At the time of the death of President Félix Faure in 1899, during the Dreyfus affair, a number of political factions attempted to take advantage of the disorder and Prince Victor announced to a delegation from the Imperialist committee that he would take action to restore the French Empire when he felt that the time was favourable.
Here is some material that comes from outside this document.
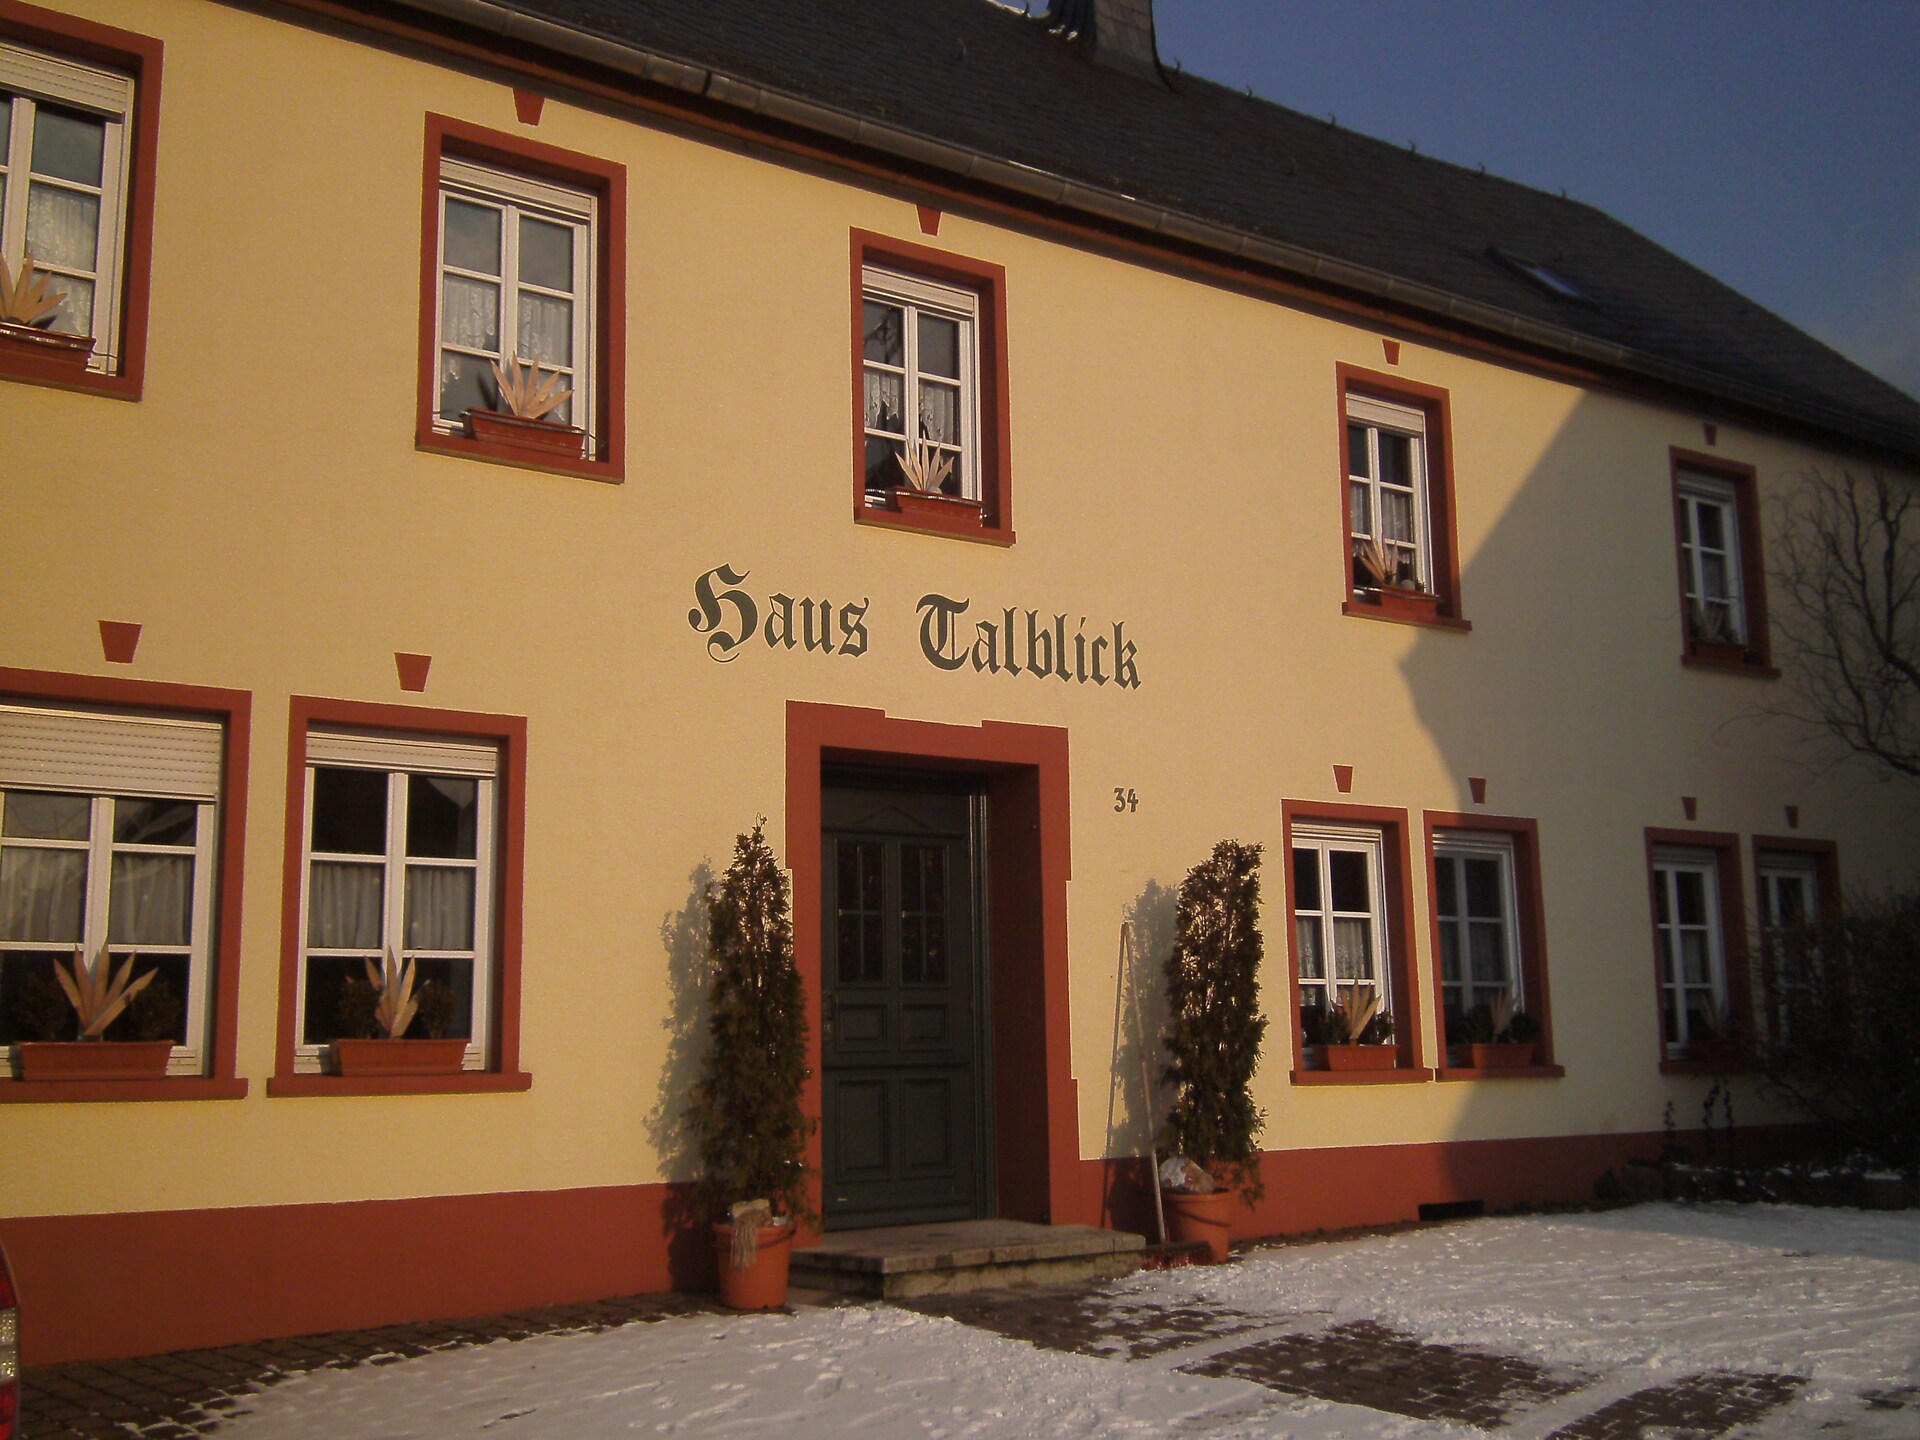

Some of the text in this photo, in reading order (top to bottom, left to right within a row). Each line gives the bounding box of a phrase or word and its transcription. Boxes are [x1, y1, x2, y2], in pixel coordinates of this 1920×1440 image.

[687, 563, 1142, 690] Haus Talblick
[1113, 787, 1139, 813] 34
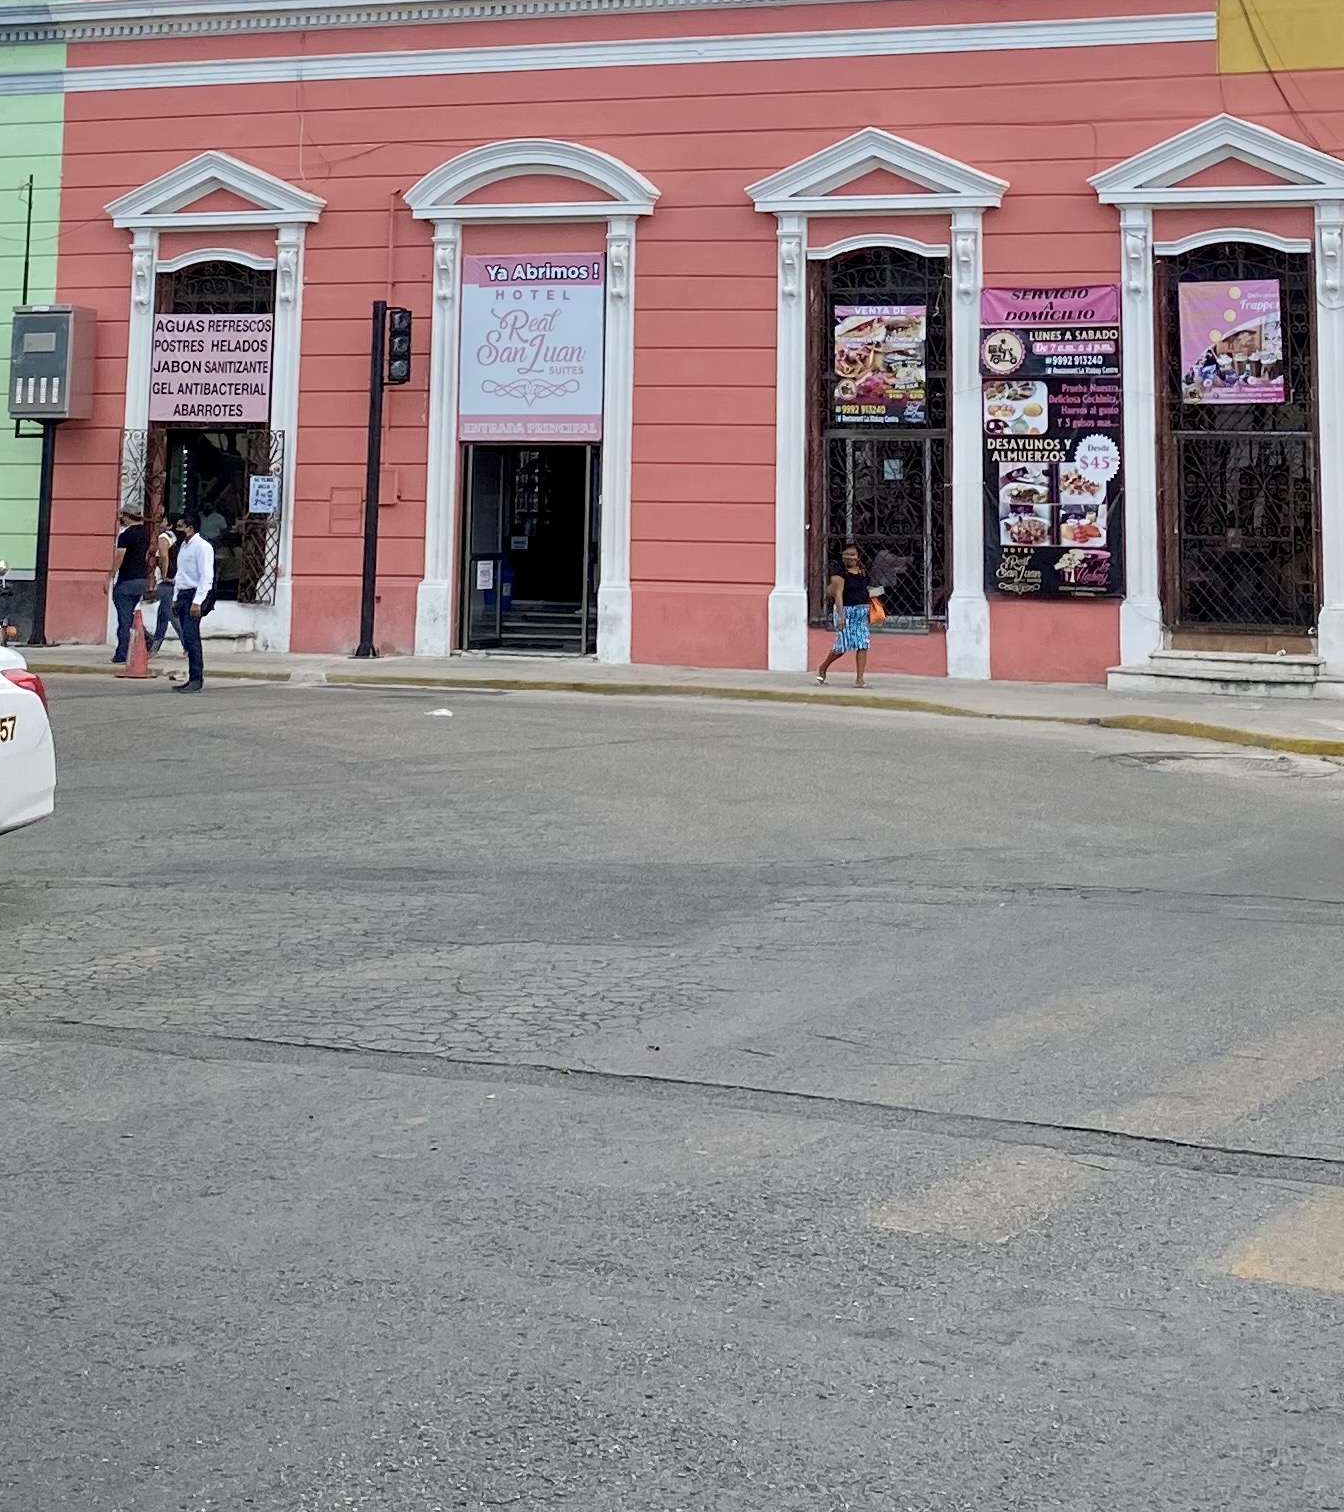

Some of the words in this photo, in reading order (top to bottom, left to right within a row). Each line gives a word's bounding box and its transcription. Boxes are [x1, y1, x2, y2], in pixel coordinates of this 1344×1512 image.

In order to achieve this, he announced he would place himself at the head of the movement with his brother, Prince Louis, fighting beside him who he said would be "bringing to the Bonapartist forces his prestige and his military talents as well as his rank in the Russian army". The Duke of Orléans, rival claimant to the throne, also had forces available and they were ready to cross the French frontier at the same time as the Bonapartist forces. In the end the anticipated outbreak in France did not materialise and the French Third Republic survived one of its gravest crises.

===Death===

Prince Victor died on 3 May 1926 in Brussels with the French author Charles Maurras commenting on Prince Victor's time as pretender saying that he had not offered any new ideas since 1884 and no radical alternatives to republican governments. He was succeeded as the Bonaparte heir by his only son, Prince Louis.

==Family==

On 10 November/14 November 1910, at Moncalieri, Prince Victor was married to Princess Clémentine of Belgium (1872–1955), daughter of Leopold II of Belgium and Marie Henriette of Austria. They had two children:

- Princess Marie Clotilde Eugénie Alberte Laëtitia Généviève Bonaparte (1912–1996); married Comte Serge de Witt and had issue.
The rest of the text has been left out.